Sobre famílias homoafetivas reunidas na Parada do Orgulho LGBT de 2019, realizada na Avenida Paulista no dia 24 de junho, Gasparini postou na mesma data: “NOJO, NOJO MÁXIMO. Degenerados filhos de uma puta.” Em outra postagem, no dia 12 de junho de 2020, o procurador associa homossexualidade e pedofilia: “Trago verdades e não me importam os seus brios. O fato é que há uma relação evidente e escancarada. Erotização leva a promiscuidade, que leva ao homossexualismo e que leva a pedofilia. É um barranco inexorável.” Também há mensagens divulgando desinformação, como esta postada no dia 12 de julho de 2019, sobre a existência de algo que não existe, uma “cartilha gay nas escolas para crianças a partir de 6 anos com imagens pornográficas inclusive”.

Ao tomar conhecimento dessas publicações, a promotora Maria Fernanda Balsalobre Pinto, do Grupo Especial de Combate aos Crimes Raciais e de Intolerância de São Paulo, ofereceu denúncia contra Gasparini. No documento de dezoito páginas, ela justifica que as postagens reiteradas expressam inferiorização, aversão, estigma e nojo para essa minoria. “Eu ofereci denúncia pela prática de racismo, não de homofobia, por ser algo mais atual. De acordo com um entendimento do Supremo Tribunal Federal, do ano de 2019, homofobia e transfobia envolvem aversão odiosa para um grupo específico e, portanto, expressam racismo”, explica Balsalobre Pinto. Ela reitera que não se trata de um caso de censura da opinião do procurador. “Racismo e homofobia são crimes.” O crime de racismo tem pena de um a três anos de reclusão. No caso do procurador Limongi Gasparini, há o agravante de ter repetido suas ações de forma reiterada. O crime de racismo é inafiançável e imprescritível.

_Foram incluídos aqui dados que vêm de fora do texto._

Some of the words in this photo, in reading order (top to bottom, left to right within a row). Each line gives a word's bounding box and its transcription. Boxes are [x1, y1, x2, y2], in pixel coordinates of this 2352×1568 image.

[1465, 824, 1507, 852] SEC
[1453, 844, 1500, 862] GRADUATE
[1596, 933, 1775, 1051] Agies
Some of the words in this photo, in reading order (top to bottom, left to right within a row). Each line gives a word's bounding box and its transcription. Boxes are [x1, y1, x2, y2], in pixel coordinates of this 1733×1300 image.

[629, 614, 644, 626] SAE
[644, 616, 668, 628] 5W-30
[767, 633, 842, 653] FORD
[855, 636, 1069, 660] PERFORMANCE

O Grupo Especial de Combate aos Crimes Raciais e de Intolerância foi inaugurado no fim de fevereiro deste ano, desde quando recebeu 285 casos até junho. As investigações de crimes de ódio praticadas nas redes são mais complexas e demoradas de serem solucionadas, pois muitas vezes autores se escondem em perfis apócrifos. Não foi o caso em questão. “O procurador Limongi Gasparini veiculou todas as mensagens de ódio a partir de seu perfil verdadeiro, com foto de seu rosto, sem esconder nada de ninguém”, diz a promotora.

Procurado pela piauí, Limongi Gasparini declinou do pedido de entrevista. Em seu perfil de Facebook, onde somava nesta segunda-feira (26) 1.170 seguidores, ele afirmou ser alvo de perseguição política – ele é apoiador do presidente Jair Bolsonaro. Em outra mensagem postada nas redes em julho, Limongi reiterou não se arrepender de suas postagens nem das consequências acarretadas por elas, como afirmou em uma publicação feita no 10 de julho deste ano: “O MP diz que sou homofóbico porque escrevi – e reitero! – que a exposição de crianças à agenda da sopa de letrinhas me dá nojo.”

O deputado estadual Gil Diniz (sem partido-SP), aliado de Bolsonaro e investigado pelo Supremo Tribunal Federal no inquérito das fake news, saiu em defesa de Gasparini e entrou com representação contra o corregedor Adalberto Alves, sob as acusações de abuso de autoridade e perseguição religiosa e política. Procurado pela piauí, Gil Diniz não quis dar entrevista.

Na sexta, 23, o juiz Richard Francisco Chequini, da 20ª Vara Criminal da capital, recebeu a denúncia do Ministério Público, e Gasparini se tornou réu pelo crime de racismo por causa das mensagens homofóbicas. No sábado (24), Gasparini fez nova postagem no Facebook. Disse que nega qualquer intenção de “incitar a discriminação contra alguém” e afirmou que seus posts são uma “forma de expressão satírica de como interpreta a vida”.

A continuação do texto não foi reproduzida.